Different leader stakeholders see the future differently. Partly due to their role, organizational home, or functional goals, these stakeholders provide unique and sometimes conflicting goals. They describe possibly divergent future states and different perspectives.
As such, it’s best to engage multiple stakeholders to avoid being guided by a single perspective and, as a result, missing the mark. An effective learning strategy finds an appropriate and reasonable balance among the stakeholders. Whether a single view of the future is confirmed by each stakeholder, or multiple views emerge, a data-driven learning strategy accounts for the widest reasonable future state, and ensures it will be supported by a broad community of leaders. It’s often beneficial to include leader stakeholders with challenging, or perhaps contrarian, views of the future. They often speak for a community who, for whatever reasons, refrain from engaging.

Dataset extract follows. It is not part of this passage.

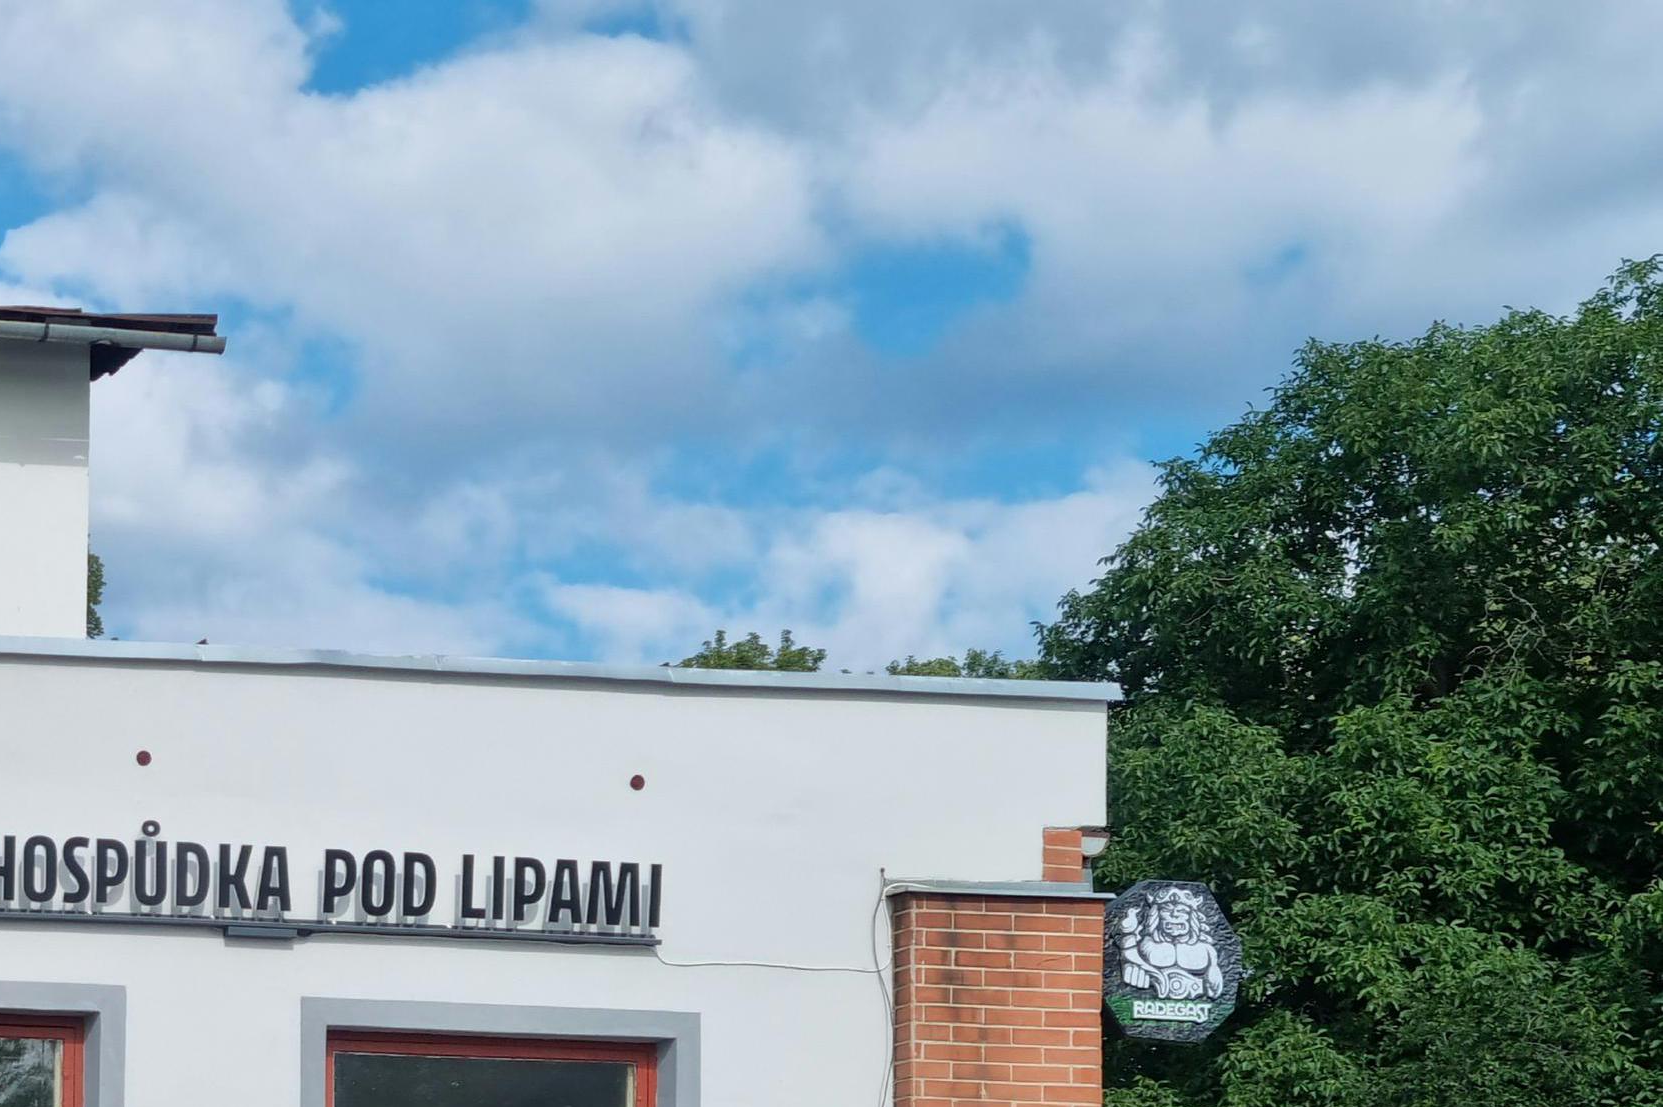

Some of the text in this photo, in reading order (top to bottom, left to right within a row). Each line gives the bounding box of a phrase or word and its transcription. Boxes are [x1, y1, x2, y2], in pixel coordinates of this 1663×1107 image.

[323, 849, 437, 917] POD
[461, 854, 662, 928] LIPAMI
[1133, 1001, 1212, 1023] RADEGAST

There are a number of ways to capture stakeholder data. When considered together, stakeholder data and work analysis data allow for traceability between specific learning outcomes and organizational goals.
Learning Function Data: The learning function’s operational strategy, associated roadmap, and performance metrics will enhance understanding of the function’s capabilities and capacity, and will be an important input to the learning strategy. This data may also uncover organizational constraints to contend with related to skills, timeframe and budget.

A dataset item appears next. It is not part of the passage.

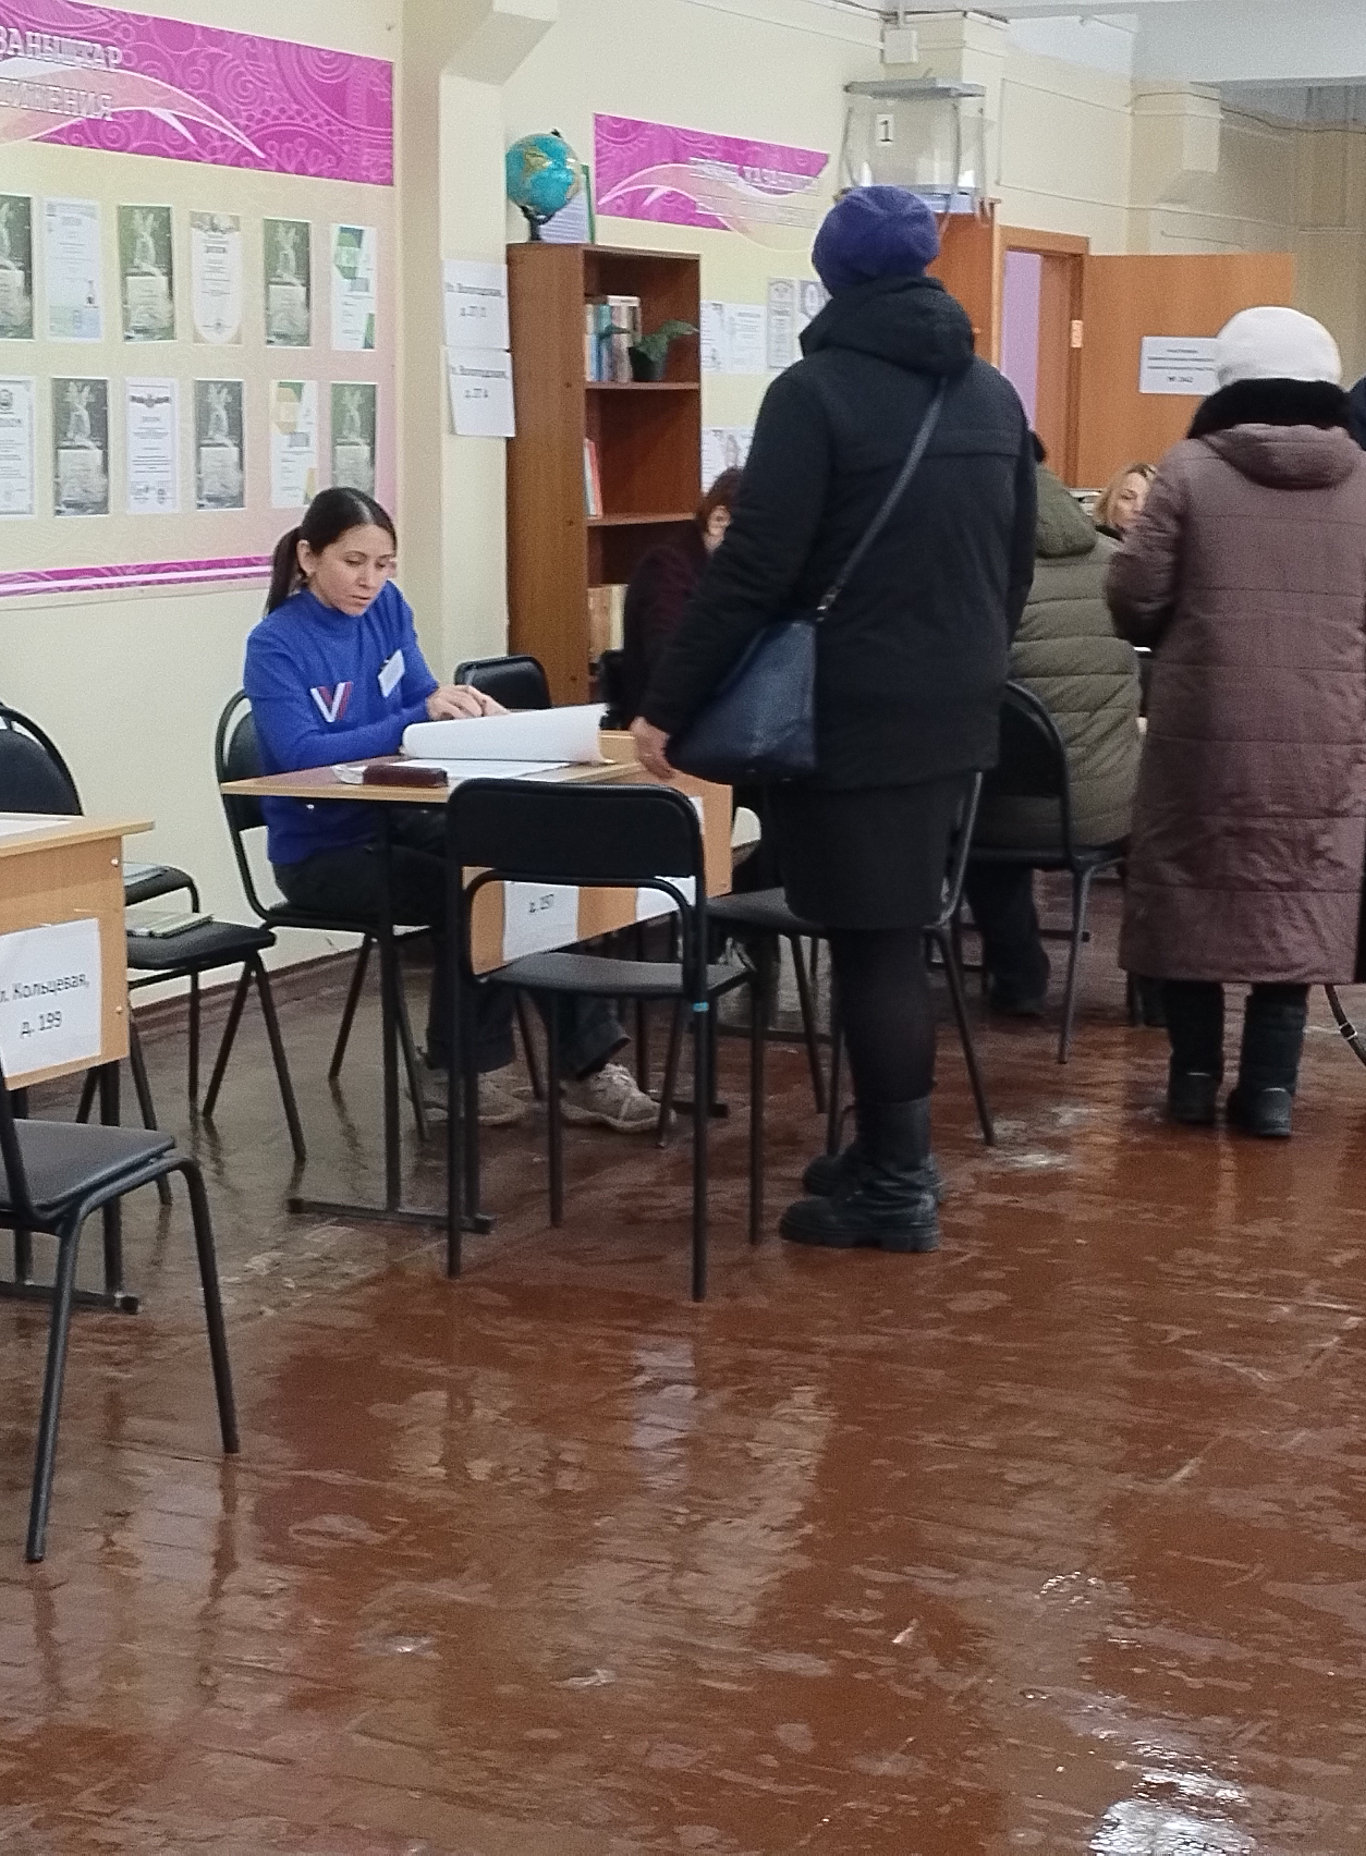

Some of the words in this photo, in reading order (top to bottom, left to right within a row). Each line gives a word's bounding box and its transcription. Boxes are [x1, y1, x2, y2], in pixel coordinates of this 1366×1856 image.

[879, 119, 893, 142] 1
[12, 973, 90, 1001] Кольцевая,
[39, 1010, 63, 1031] 199

External Benchmarking Data: Though not a primary data source, benchmarking data provides insights into organizational performance of industry peers or across industries. Market comparison data provides insights into the actions, decisions, and spending of other organizations in specific areas. Sortable by industry, organizational size and other factors, it is often useful to understand how the organization compares to the market.
Cognitive and Learning Research Data: Also not a primary data source, research data provides insight into the learning strategies, instructional modalities and tactical investments being made in the market.
Making Use of All This Data
Today’s evolving global marketplace and increasingly competitive business environment require prioritization of organizational needs and goals, while ensuring that learning initiatives drive business results. Successful companies understand the importance of designing, developing and delivering training programs and activities that meet those demands through strategic alignment with a focus on business outcomes and the bottom line.
Talking to business leaders is one of the most important steps to aligning learning with the business. Engage leaders to gain their wisdom, insights, and judgment as well as their understanding of relevant data, strategic direction, and key operational goals as they shape training decisions and investments.
Devising the learning strategy happens in the following stages:
- Explore: Gather and analyze appropriate types of formal and informal data to understand the business goals.
- Target: Determine the right roles and right changes in performance to achieve the business goals.
- Define: Work as an internal team, guided by the input of subject matter experts or other representatives to define a learning solution that addresses the high-priority areas, goals and gaps. Additionally, make sure it fits within the organizational “realities” of timeline, budget and design preferences.
- Confirm: Review learning solutions with the stakeholders and demonstrate the traceability of learning outcomes to priority business goals – adjust as needed.
Since the L&D function is in the “hot seat” when it comes to balancing the needs and goals of the organization, the learning function, and the learner, using a data-driven learning strategy ensures L&D is focused on high-value and high-impact initiatives.